Wer von den SED-Reformern hat damals was mit wem in Moskau besprochen? Wer hat sich nicht an die Absprachen gehalten? Wie hat sich die Position der Westmächte und der BRD-Regierung hinsichtlich des Tempos der Vereinigung entwickelt? Wie haben sich SED-Gremien umstruktuiert?  Die in Umrissen chronologische Darstellung ist eingebettet in staatspolitische Überlegungen und Ausflüge in die marxistische Theorie.

Das liest sich faktenreich und interessant, wenn zum Beispiel anhand von Dokumenten versucht wird, die tatsächlichen Motive Schabowskis für seine Grenzöffnung via Pressekonferenz und dem “… gilt das unverzüglich, sofort” zu enträtseln. Nach Meinung der Autoren weder ein Versehen noch Uninformiertheit, sondern Eigendarstellung, um Krenz die Show zu stehlen. Gorbatschow selbst wird mit seinen Memoiren zitiert, denen zufolge der Beschluss zu einer Liquidierung der DDR auf einer geheimen Sitzung am 26. Januar 1990 in Moskau getroffen wurde. Auch Berater Gorbatschows und weitere Akteure sowjetischer Politik kommen zu Wort.

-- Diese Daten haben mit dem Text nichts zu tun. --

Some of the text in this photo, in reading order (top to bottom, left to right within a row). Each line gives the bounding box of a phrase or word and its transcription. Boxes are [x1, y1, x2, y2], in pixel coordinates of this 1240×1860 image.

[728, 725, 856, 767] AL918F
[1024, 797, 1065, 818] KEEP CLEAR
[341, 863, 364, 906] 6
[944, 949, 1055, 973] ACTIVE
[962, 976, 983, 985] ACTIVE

Die Autoren sind Historiker (Czichon) und Kulturwissenschaftler (Marohn). Bei der Erstveröffentlichung des Buchs waren sie knapp 70 und knapp 80 Jahre alt. Sie trauern einer DDR nach, wie sie hätte werden können, wenn sich 1989/90 die aus ihrer Sicht richtigen Reformer durchgesetzt hätten. Dabei bleiben sie den Dogmen der DDR auf eine Weise verhaftet, die dem Buch viel von seiner Wirkung nimmt: Lenin war gut, Krenz ein Hoffnungsträger und Reformer, der Klassengegner kocht sein Süppchen. Und so trifft der Leser ohne erkennbare Distanz der Autoren auf bekannte realsozialistische Sprachfloskeln: die UdSSR als der erste Arbeiter- und Bauernstaat, Unverbrüchlichkeit usw. Der Rückblick auf die DDR ist verklärt, der kurze Blick in die damalige Gegenwart am Ende des Buchs getrübt. Das wirkt so, als ob jemand zwar nicht in der Lage ist, Ursachen einer Erkrankung zu diagnostieren. Aber trotzdem schon mal eine Gallone vom einzigen im Haus vorhandenen Medikament anschleppt – mit abgelaufenem Haltbarkeitsdatum.

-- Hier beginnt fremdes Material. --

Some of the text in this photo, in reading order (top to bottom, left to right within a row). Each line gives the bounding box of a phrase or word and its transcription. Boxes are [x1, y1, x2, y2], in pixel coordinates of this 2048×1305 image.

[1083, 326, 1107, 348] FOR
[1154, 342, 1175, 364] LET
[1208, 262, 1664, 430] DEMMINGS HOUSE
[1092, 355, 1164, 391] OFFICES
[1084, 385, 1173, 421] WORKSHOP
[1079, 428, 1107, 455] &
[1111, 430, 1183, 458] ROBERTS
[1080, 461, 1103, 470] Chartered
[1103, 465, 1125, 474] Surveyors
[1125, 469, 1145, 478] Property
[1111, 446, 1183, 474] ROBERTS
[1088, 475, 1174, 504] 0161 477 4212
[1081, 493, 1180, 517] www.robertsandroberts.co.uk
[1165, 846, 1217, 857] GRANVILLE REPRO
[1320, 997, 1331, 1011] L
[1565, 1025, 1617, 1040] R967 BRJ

Lesenswert bleibt das Buch dennoch. Wegen seiner zahlreich angeführten Fakten, als Einblick in die Denkweise eines Teils der SED. Und wegen des treffenden Fazits: Gorbatschow hat die DDR verschenkt.

Das Buch ist 1999 im Papyrossa-Verlag erschienen und in einer Neuauflage aus dem Jahr 2009 für 22,80 Euro oder antiquarisch zu erhalten.